Go through the records below and restate each one word for word.

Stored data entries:
+-------+

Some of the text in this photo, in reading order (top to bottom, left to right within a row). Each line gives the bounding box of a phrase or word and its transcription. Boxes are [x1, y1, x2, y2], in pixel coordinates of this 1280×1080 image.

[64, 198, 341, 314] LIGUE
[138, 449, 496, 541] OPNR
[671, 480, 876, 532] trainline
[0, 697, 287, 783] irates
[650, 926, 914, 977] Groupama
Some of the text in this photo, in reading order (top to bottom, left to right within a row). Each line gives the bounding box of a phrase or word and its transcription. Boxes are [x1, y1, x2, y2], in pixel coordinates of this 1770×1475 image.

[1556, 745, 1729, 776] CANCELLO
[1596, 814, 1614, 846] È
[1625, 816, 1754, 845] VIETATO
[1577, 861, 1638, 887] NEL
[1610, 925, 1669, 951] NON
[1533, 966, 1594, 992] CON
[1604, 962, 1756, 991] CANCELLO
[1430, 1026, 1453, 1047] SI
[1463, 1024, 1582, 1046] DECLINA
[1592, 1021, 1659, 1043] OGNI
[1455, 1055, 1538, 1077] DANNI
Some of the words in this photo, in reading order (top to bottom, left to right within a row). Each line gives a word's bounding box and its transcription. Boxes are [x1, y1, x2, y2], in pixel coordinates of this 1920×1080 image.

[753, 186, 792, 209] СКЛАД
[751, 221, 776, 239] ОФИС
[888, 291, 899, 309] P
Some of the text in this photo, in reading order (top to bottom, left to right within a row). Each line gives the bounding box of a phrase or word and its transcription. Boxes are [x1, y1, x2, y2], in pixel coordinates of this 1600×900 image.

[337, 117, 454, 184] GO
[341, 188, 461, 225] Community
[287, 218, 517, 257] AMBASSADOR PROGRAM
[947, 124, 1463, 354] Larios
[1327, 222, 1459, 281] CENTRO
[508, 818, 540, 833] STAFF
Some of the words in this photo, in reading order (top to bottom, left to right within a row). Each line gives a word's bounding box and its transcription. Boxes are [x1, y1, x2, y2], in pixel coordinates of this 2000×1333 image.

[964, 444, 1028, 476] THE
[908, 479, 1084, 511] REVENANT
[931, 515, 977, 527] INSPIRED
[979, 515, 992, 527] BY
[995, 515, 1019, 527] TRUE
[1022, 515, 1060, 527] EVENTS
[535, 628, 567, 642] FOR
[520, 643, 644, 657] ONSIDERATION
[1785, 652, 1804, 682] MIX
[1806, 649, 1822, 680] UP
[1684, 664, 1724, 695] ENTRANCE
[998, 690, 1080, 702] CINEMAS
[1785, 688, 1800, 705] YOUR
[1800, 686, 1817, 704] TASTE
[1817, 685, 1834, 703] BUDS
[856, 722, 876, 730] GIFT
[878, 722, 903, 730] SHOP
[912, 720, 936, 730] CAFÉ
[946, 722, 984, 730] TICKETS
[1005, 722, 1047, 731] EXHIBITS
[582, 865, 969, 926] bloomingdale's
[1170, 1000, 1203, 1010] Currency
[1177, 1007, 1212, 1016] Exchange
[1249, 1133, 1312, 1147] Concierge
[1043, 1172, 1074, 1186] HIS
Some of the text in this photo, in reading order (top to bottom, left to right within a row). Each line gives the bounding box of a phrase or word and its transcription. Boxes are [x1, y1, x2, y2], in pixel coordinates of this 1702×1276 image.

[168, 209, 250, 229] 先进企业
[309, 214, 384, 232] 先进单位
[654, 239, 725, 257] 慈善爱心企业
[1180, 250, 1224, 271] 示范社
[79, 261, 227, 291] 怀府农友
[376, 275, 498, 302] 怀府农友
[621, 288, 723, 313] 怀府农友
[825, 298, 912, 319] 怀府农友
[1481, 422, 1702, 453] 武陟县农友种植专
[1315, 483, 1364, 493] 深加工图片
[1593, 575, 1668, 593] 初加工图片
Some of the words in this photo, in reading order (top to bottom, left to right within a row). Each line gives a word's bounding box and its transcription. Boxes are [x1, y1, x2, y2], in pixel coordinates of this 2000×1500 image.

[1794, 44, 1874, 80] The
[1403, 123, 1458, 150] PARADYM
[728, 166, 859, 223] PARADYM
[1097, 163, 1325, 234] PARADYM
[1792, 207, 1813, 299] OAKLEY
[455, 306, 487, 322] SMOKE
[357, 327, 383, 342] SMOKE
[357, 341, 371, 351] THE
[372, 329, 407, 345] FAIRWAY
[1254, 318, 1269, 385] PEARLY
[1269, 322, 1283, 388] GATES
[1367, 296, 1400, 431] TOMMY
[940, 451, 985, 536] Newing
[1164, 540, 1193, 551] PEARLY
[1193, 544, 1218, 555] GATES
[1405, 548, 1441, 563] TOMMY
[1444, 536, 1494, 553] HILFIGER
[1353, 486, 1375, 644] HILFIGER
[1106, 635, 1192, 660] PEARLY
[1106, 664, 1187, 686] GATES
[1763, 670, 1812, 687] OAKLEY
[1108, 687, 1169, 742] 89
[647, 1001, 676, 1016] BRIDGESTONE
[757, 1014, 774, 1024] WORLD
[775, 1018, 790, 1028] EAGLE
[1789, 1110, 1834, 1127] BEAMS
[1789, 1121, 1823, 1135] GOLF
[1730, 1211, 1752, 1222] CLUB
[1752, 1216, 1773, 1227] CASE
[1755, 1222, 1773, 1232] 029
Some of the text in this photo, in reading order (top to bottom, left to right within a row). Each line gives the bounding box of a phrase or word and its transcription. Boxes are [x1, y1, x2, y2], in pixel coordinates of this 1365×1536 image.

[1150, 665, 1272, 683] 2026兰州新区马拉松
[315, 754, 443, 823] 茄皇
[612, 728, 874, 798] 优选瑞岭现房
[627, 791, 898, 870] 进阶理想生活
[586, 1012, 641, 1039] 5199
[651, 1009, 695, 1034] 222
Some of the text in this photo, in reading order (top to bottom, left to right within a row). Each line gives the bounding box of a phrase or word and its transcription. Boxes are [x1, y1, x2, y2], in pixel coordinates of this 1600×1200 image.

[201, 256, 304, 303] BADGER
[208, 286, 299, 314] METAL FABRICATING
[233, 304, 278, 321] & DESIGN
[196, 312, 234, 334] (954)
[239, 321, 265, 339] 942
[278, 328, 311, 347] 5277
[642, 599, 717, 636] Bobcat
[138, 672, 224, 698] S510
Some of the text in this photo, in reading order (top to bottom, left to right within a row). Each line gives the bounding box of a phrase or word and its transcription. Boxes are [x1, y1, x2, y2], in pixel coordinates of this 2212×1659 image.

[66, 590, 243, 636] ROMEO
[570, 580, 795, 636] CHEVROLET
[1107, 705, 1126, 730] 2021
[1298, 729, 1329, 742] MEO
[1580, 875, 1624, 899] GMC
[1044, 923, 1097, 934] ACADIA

+-------+

Response:
Some of the text in this photo, in reading order (top to bottom, left to right within a row). Each line gives the bounding box of a phrase or word and its transcription. Boxes are [x1, y1, x2, y2], in pixel coordinates of this 1280×1080 image.

[64, 198, 341, 314] LIGUE
[138, 449, 496, 541] OPNR
[671, 480, 876, 532] trainline
[0, 697, 287, 783] irates
[650, 926, 914, 977] Groupama
Some of the text in this photo, in reading order (top to bottom, left to right within a row). Each line gives the bounding box of a phrase or word and its transcription. Boxes are [x1, y1, x2, y2], in pixel coordinates of this 1770×1475 image.

[1556, 745, 1729, 776] CANCELLO
[1596, 814, 1614, 846] È
[1625, 816, 1754, 845] VIETATO
[1577, 861, 1638, 887] NEL
[1610, 925, 1669, 951] NON
[1533, 966, 1594, 992] CON
[1604, 962, 1756, 991] CANCELLO
[1430, 1026, 1453, 1047] SI
[1463, 1024, 1582, 1046] DECLINA
[1592, 1021, 1659, 1043] OGNI
[1455, 1055, 1538, 1077] DANNI
Some of the words in this photo, in reading order (top to bottom, left to right within a row). Each line gives a word's bounding box and its transcription. Boxes are [x1, y1, x2, y2], in pixel coordinates of this 1920×1080 image.

[753, 186, 792, 209] СКЛАД
[751, 221, 776, 239] ОФИС
[888, 291, 899, 309] P
Some of the text in this photo, in reading order (top to bottom, left to right within a row). Each line gives the bounding box of a phrase or word and its transcription. Boxes are [x1, y1, x2, y2], in pixel coordinates of this 1600×900 image.

[337, 117, 454, 184] GO
[341, 188, 461, 225] Community
[287, 218, 517, 257] AMBASSADOR PROGRAM
[947, 124, 1463, 354] Larios
[1327, 222, 1459, 281] CENTRO
[508, 818, 540, 833] STAFF
Some of the words in this photo, in reading order (top to bottom, left to right within a row). Each line gives a word's bounding box and its transcription. Boxes are [x1, y1, x2, y2], in pixel coordinates of this 2000×1333 image.

[964, 444, 1028, 476] THE
[908, 479, 1084, 511] REVENANT
[931, 515, 977, 527] INSPIRED
[979, 515, 992, 527] BY
[995, 515, 1019, 527] TRUE
[1022, 515, 1060, 527] EVENTS
[535, 628, 567, 642] FOR
[520, 643, 644, 657] ONSIDERATION
[1785, 652, 1804, 682] MIX
[1806, 649, 1822, 680] UP
[1684, 664, 1724, 695] ENTRANCE
[998, 690, 1080, 702] CINEMAS
[1785, 688, 1800, 705] YOUR
[1800, 686, 1817, 704] TASTE
[1817, 685, 1834, 703] BUDS
[856, 722, 876, 730] GIFT
[878, 722, 903, 730] SHOP
[912, 720, 936, 730] CAFÉ
[946, 722, 984, 730] TICKETS
[1005, 722, 1047, 731] EXHIBITS
[582, 865, 969, 926] bloomingdale's
[1170, 1000, 1203, 1010] Currency
[1177, 1007, 1212, 1016] Exchange
[1249, 1133, 1312, 1147] Concierge
[1043, 1172, 1074, 1186] HIS
Some of the text in this photo, in reading order (top to bottom, left to right within a row). Each line gives the bounding box of a phrase or word and its transcription. Boxes are [x1, y1, x2, y2], in pixel coordinates of this 1702×1276 image.

[168, 209, 250, 229] 先进企业
[309, 214, 384, 232] 先进单位
[654, 239, 725, 257] 慈善爱心企业
[1180, 250, 1224, 271] 示范社
[79, 261, 227, 291] 怀府农友
[376, 275, 498, 302] 怀府农友
[621, 288, 723, 313] 怀府农友
[825, 298, 912, 319] 怀府农友
[1481, 422, 1702, 453] 武陟县农友种植专
[1315, 483, 1364, 493] 深加工图片
[1593, 575, 1668, 593] 初加工图片
Some of the words in this photo, in reading order (top to bottom, left to right within a row). Each line gives a word's bounding box and its transcription. Boxes are [x1, y1, x2, y2], in pixel coordinates of this 2000×1500 image.

[1794, 44, 1874, 80] The
[1403, 123, 1458, 150] PARADYM
[728, 166, 859, 223] PARADYM
[1097, 163, 1325, 234] PARADYM
[1792, 207, 1813, 299] OAKLEY
[455, 306, 487, 322] SMOKE
[357, 327, 383, 342] SMOKE
[357, 341, 371, 351] THE
[372, 329, 407, 345] FAIRWAY
[1254, 318, 1269, 385] PEARLY
[1269, 322, 1283, 388] GATES
[1367, 296, 1400, 431] TOMMY
[940, 451, 985, 536] Newing
[1164, 540, 1193, 551] PEARLY
[1193, 544, 1218, 555] GATES
[1405, 548, 1441, 563] TOMMY
[1444, 536, 1494, 553] HILFIGER
[1353, 486, 1375, 644] HILFIGER
[1106, 635, 1192, 660] PEARLY
[1106, 664, 1187, 686] GATES
[1763, 670, 1812, 687] OAKLEY
[1108, 687, 1169, 742] 89
[647, 1001, 676, 1016] BRIDGESTONE
[757, 1014, 774, 1024] WORLD
[775, 1018, 790, 1028] EAGLE
[1789, 1110, 1834, 1127] BEAMS
[1789, 1121, 1823, 1135] GOLF
[1730, 1211, 1752, 1222] CLUB
[1752, 1216, 1773, 1227] CASE
[1755, 1222, 1773, 1232] 029
Some of the text in this photo, in reading order (top to bottom, left to right within a row). Each line gives the bounding box of a phrase or word and its transcription. Boxes are [x1, y1, x2, y2], in pixel coordinates of this 1365×1536 image.

[1150, 665, 1272, 683] 2026兰州新区马拉松
[315, 754, 443, 823] 茄皇
[612, 728, 874, 798] 优选瑞岭现房
[627, 791, 898, 870] 进阶理想生活
[586, 1012, 641, 1039] 5199
[651, 1009, 695, 1034] 222
Some of the text in this photo, in reading order (top to bottom, left to right within a row). Each line gives the bounding box of a phrase or word and its transcription. Boxes are [x1, y1, x2, y2], in pixel coordinates of this 1600×1200 image.

[201, 256, 304, 303] BADGER
[208, 286, 299, 314] METAL FABRICATING
[233, 304, 278, 321] & DESIGN
[196, 312, 234, 334] (954)
[239, 321, 265, 339] 942
[278, 328, 311, 347] 5277
[642, 599, 717, 636] Bobcat
[138, 672, 224, 698] S510
Some of the text in this photo, in reading order (top to bottom, left to right within a row). Each line gives the bounding box of a phrase or word and its transcription. Boxes are [x1, y1, x2, y2], in pixel coordinates of this 2212×1659 image.

[66, 590, 243, 636] ROMEO
[570, 580, 795, 636] CHEVROLET
[1107, 705, 1126, 730] 2021
[1298, 729, 1329, 742] MEO
[1580, 875, 1624, 899] GMC
[1044, 923, 1097, 934] ACADIA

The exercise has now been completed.